■ What you need to do
Transcribe each record word for word. Skip the images.

+++ Input records

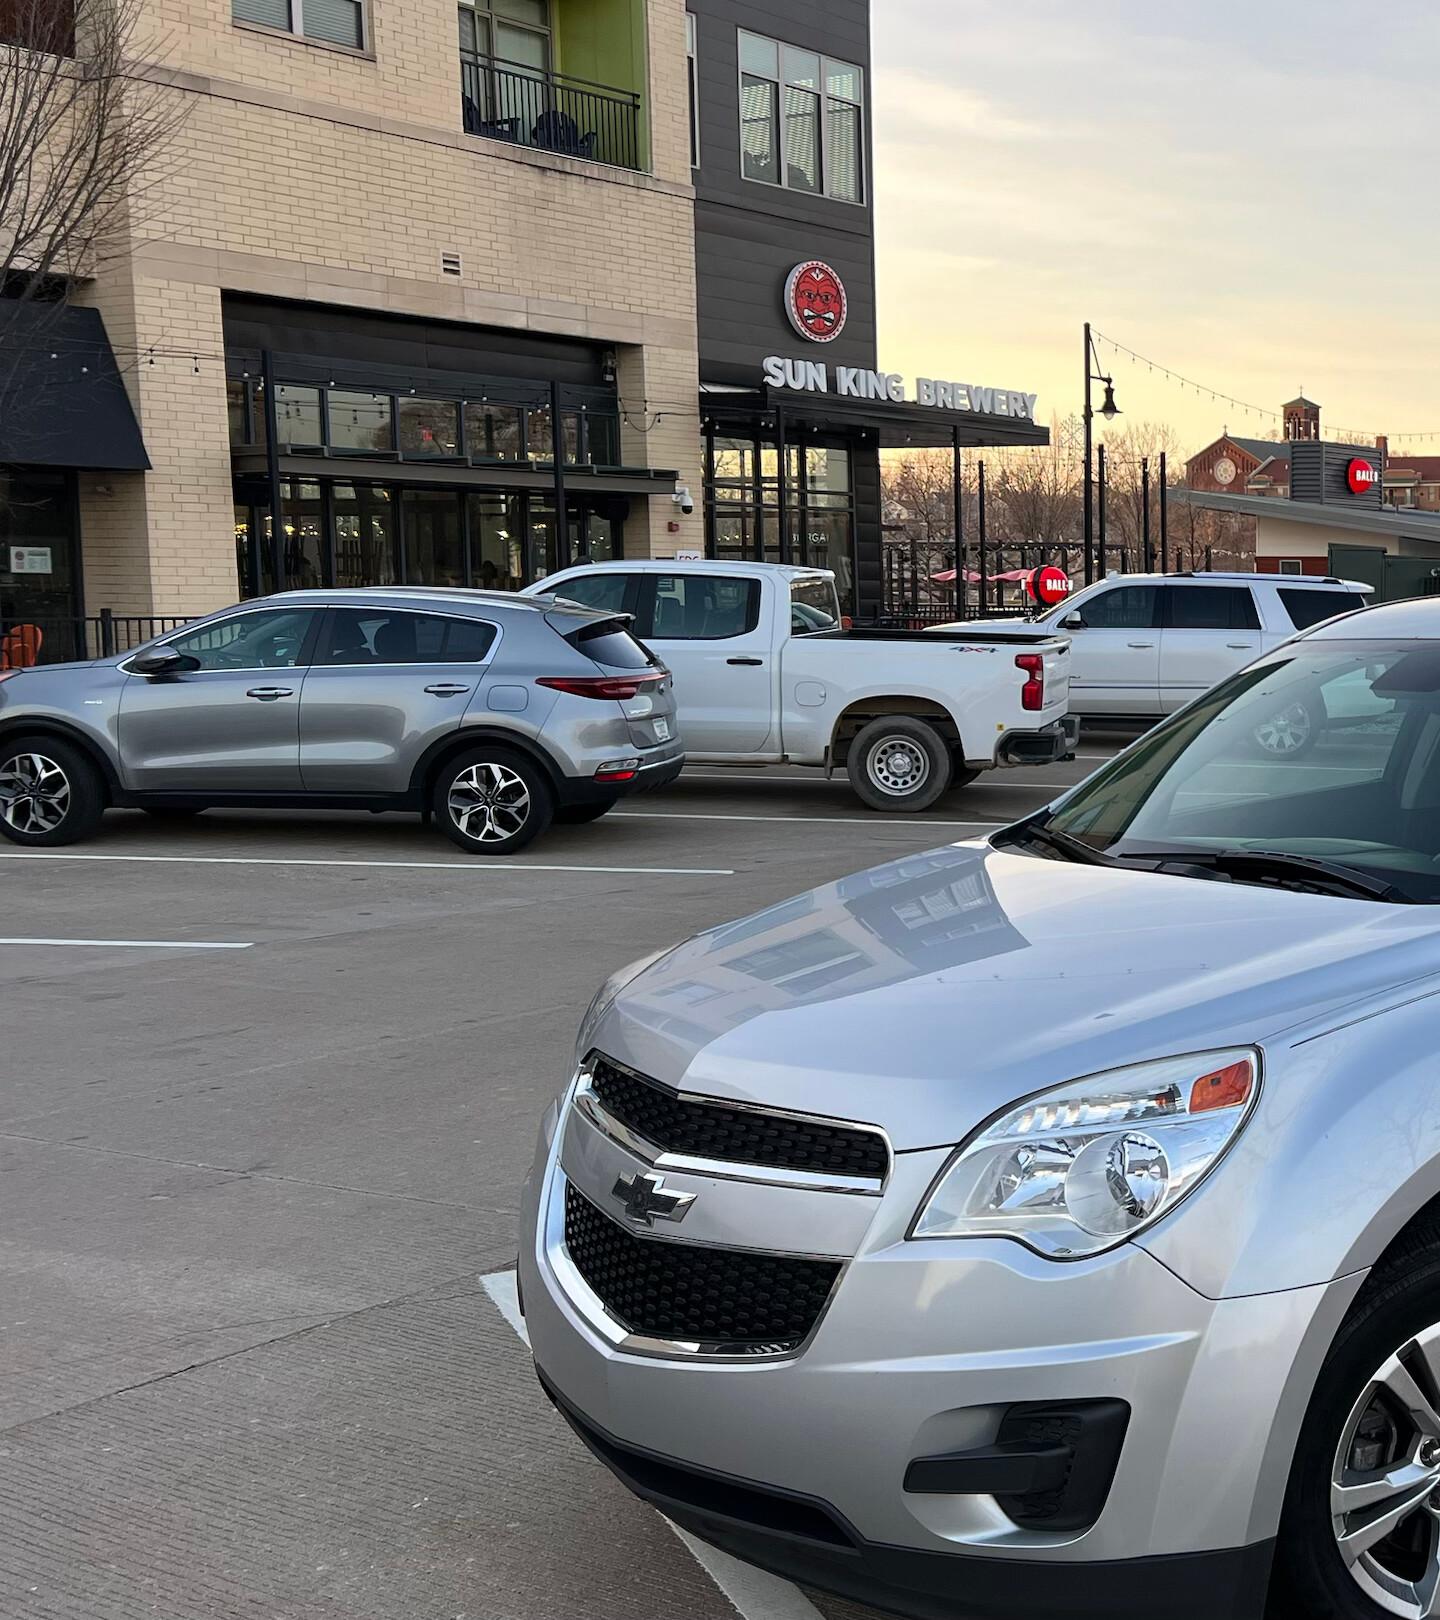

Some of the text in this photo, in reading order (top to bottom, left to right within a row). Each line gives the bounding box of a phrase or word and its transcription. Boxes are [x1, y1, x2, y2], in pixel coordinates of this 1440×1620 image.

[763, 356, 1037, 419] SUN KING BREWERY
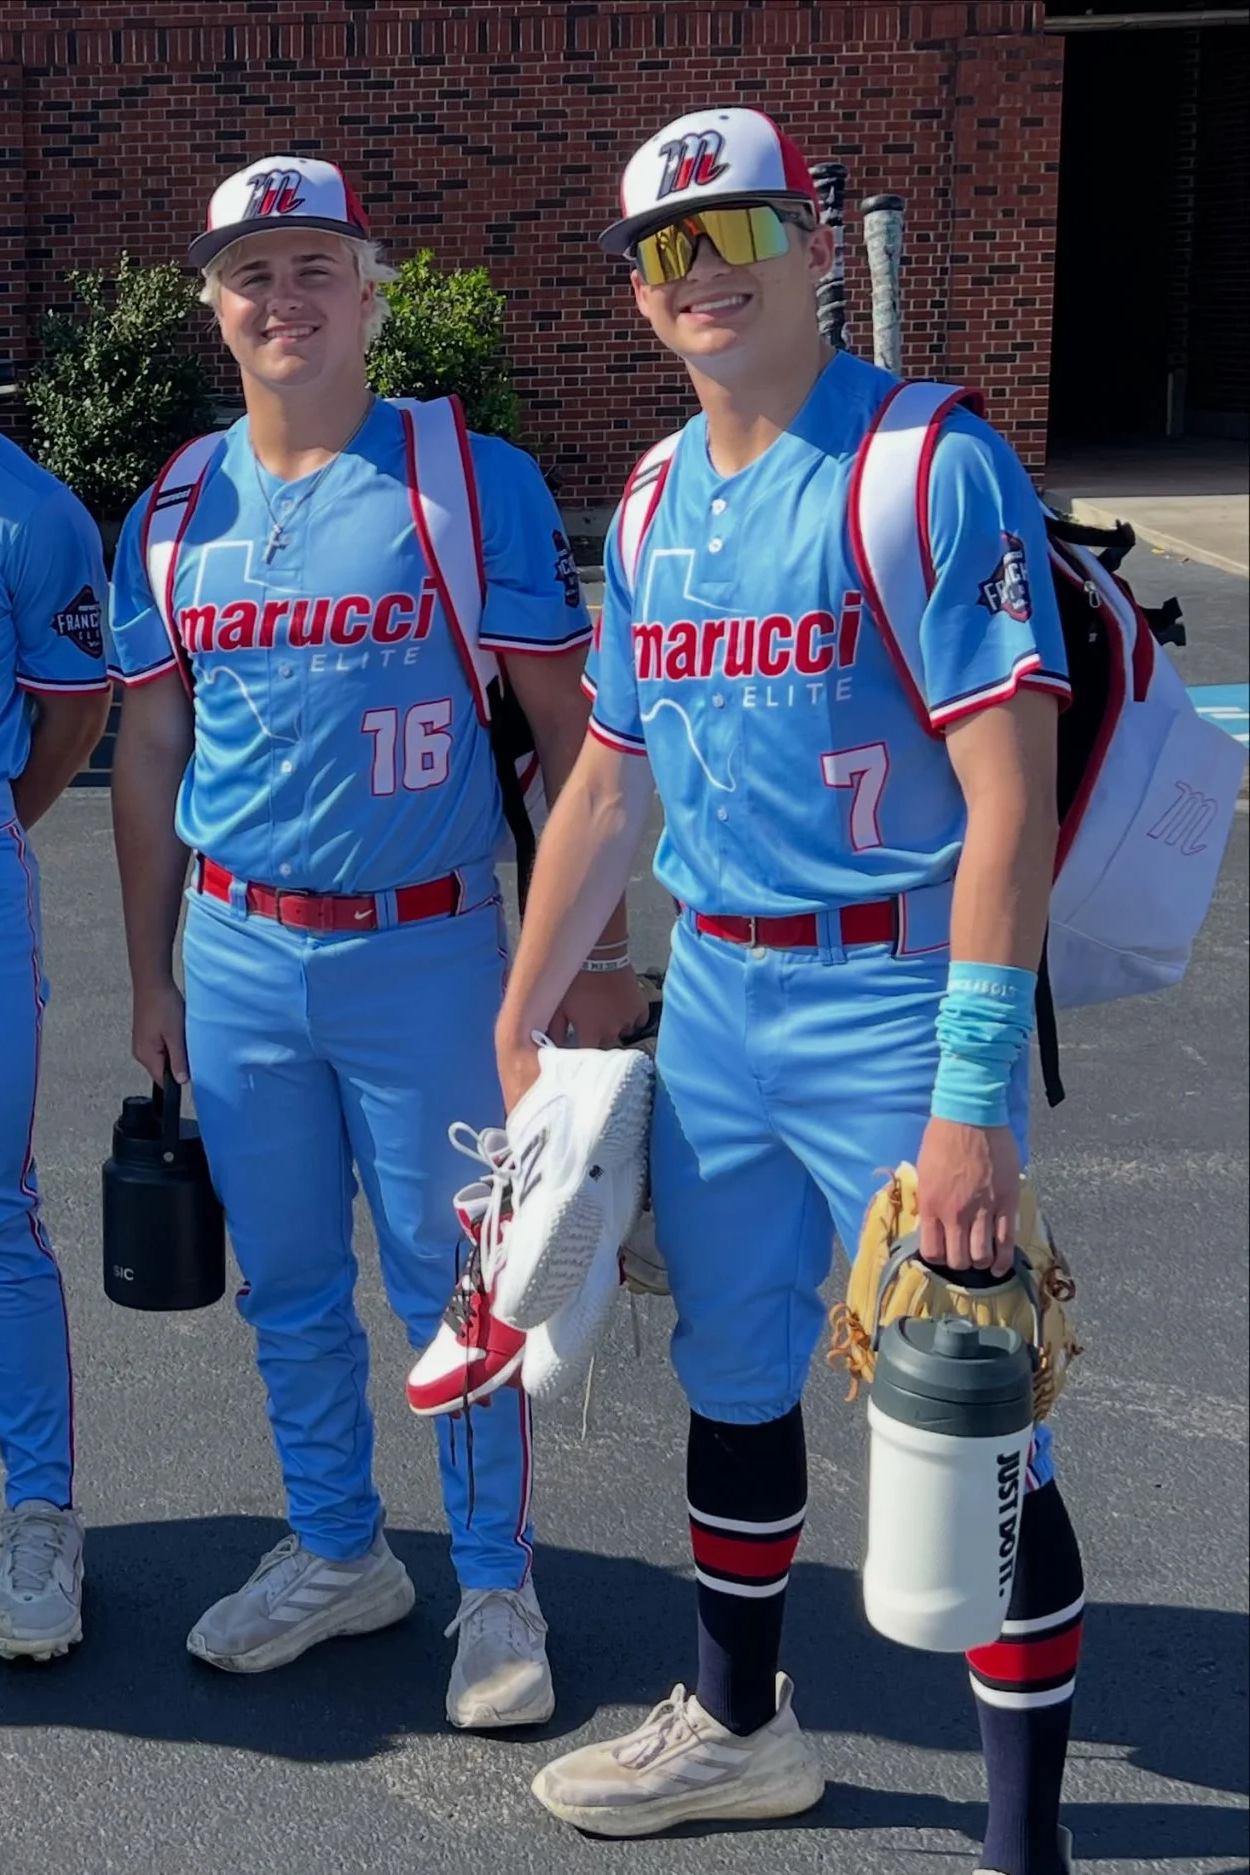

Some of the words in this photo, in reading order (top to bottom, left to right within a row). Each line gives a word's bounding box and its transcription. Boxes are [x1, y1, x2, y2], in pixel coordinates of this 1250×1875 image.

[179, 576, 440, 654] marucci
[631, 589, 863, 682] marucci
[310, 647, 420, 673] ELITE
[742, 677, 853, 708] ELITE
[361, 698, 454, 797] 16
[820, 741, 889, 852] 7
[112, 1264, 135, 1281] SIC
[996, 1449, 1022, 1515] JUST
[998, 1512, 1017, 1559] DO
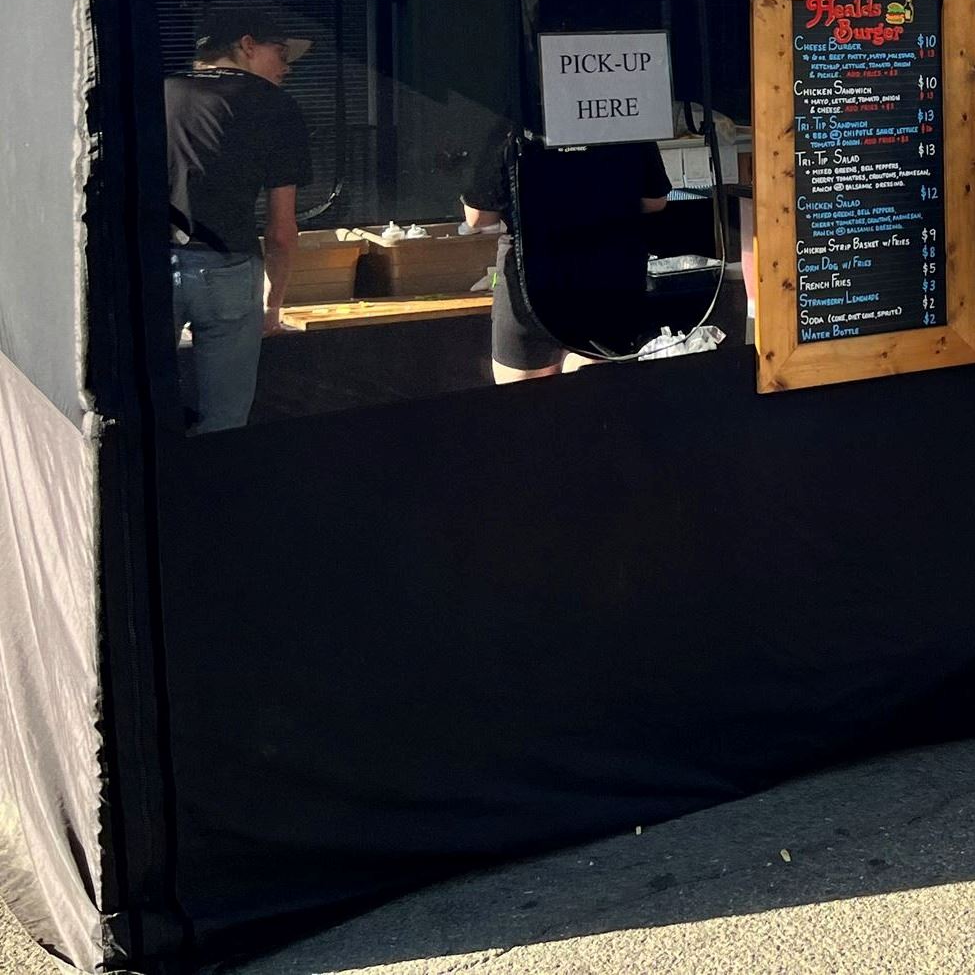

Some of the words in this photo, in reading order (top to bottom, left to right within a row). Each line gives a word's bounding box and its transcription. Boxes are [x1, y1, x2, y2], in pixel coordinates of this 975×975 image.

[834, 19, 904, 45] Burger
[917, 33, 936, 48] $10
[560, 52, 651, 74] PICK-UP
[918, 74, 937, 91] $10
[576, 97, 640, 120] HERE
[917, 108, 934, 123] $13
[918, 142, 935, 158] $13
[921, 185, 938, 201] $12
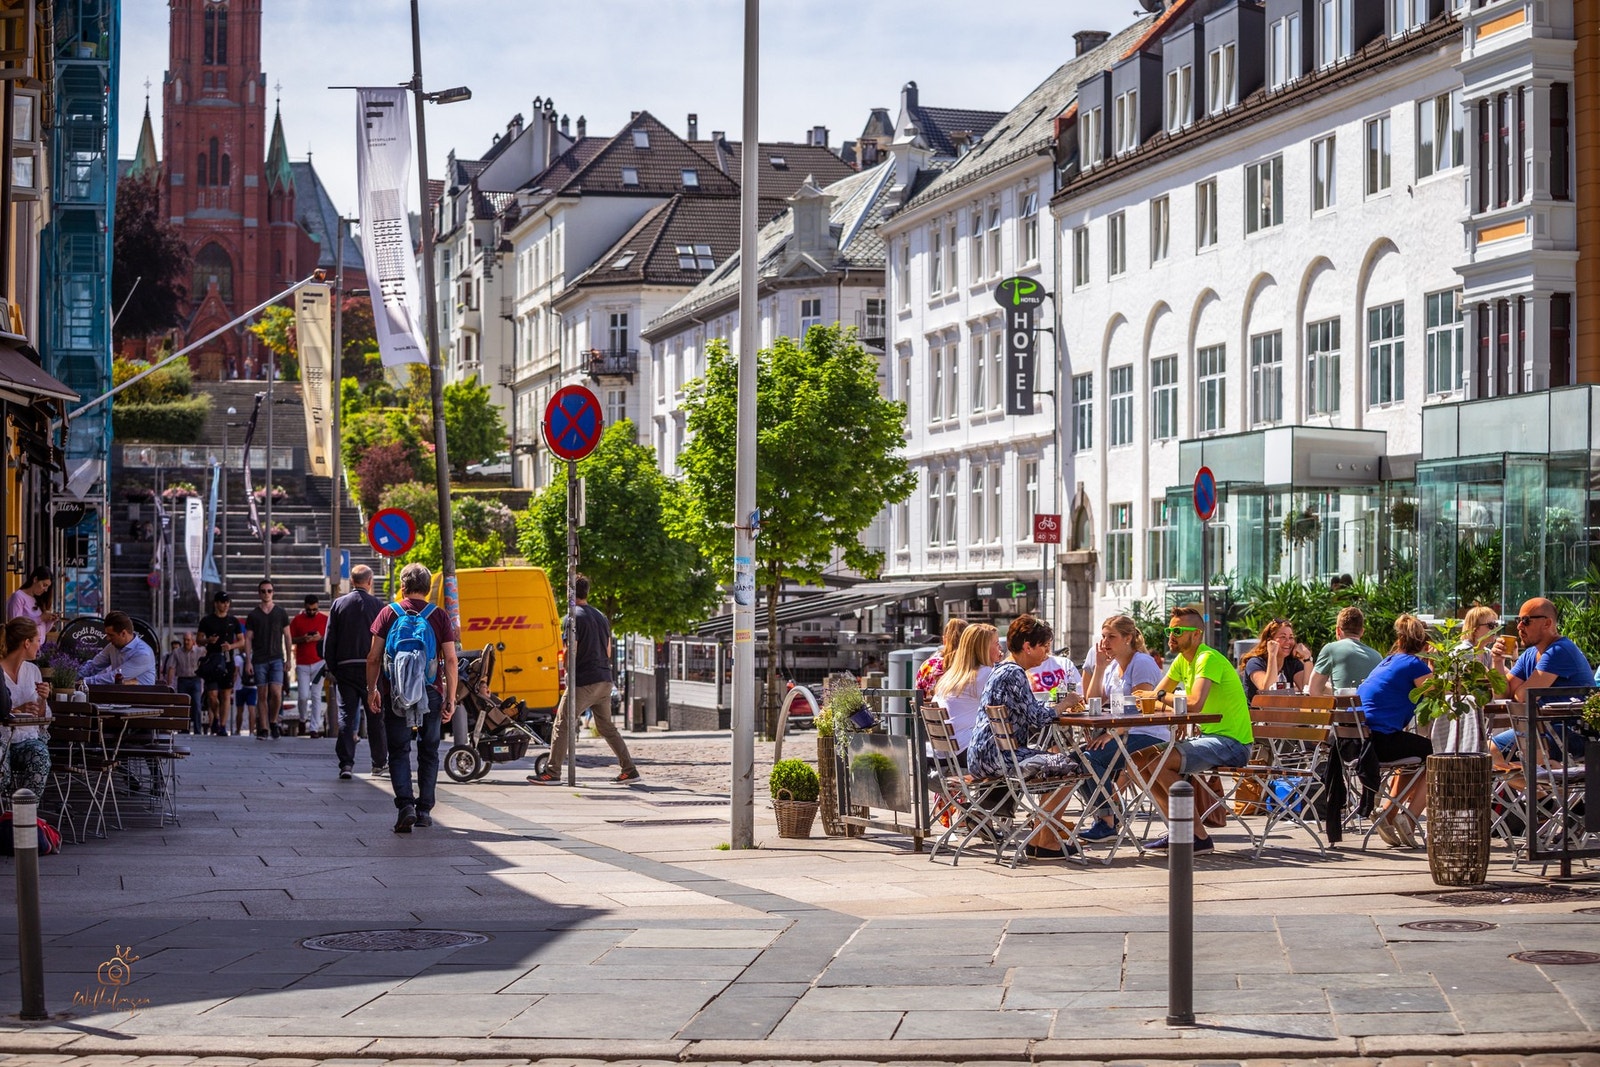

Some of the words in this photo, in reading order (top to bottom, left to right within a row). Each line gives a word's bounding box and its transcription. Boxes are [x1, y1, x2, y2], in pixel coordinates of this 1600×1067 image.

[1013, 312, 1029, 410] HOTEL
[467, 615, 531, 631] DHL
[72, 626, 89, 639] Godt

++++++

■ Solution for this problem
Some of the text in this photo, in reading order (top to bottom, left to right within a row). Each line gives the bounding box of a phrase or word and its transcription. Boxes are [x1, y1, x2, y2], in pixel coordinates of this 1440×1620 image.

[763, 356, 1037, 419] SUN KING BREWERY

Some of the words in this photo, in reading order (top to bottom, left to right within a row). Each line gives a word's bounding box and its transcription. Boxes are [x1, y1, x2, y2], in pixel coordinates of this 1250×1875 image.

[179, 576, 440, 654] marucci
[631, 589, 863, 682] marucci
[310, 647, 420, 673] ELITE
[742, 677, 853, 708] ELITE
[361, 698, 454, 797] 16
[820, 741, 889, 852] 7
[112, 1264, 135, 1281] SIC
[996, 1449, 1022, 1515] JUST
[998, 1512, 1017, 1559] DO

Some of the words in this photo, in reading order (top to bottom, left to right within a row). Each line gives a word's bounding box and its transcription. Boxes are [x1, y1, x2, y2], in pixel coordinates of this 975×975 image.

[834, 19, 904, 45] Burger
[917, 33, 936, 48] $10
[560, 52, 651, 74] PICK-UP
[918, 74, 937, 91] $10
[576, 97, 640, 120] HERE
[917, 108, 934, 123] $13
[918, 142, 935, 158] $13
[921, 185, 938, 201] $12

Some of the words in this photo, in reading order (top to bottom, left to right within a row). Each line gives a word's bounding box and its transcription. Boxes are [x1, y1, x2, y2], in pixel coordinates of this 1600×1067 image.

[1013, 312, 1029, 410] HOTEL
[467, 615, 531, 631] DHL
[72, 626, 89, 639] Godt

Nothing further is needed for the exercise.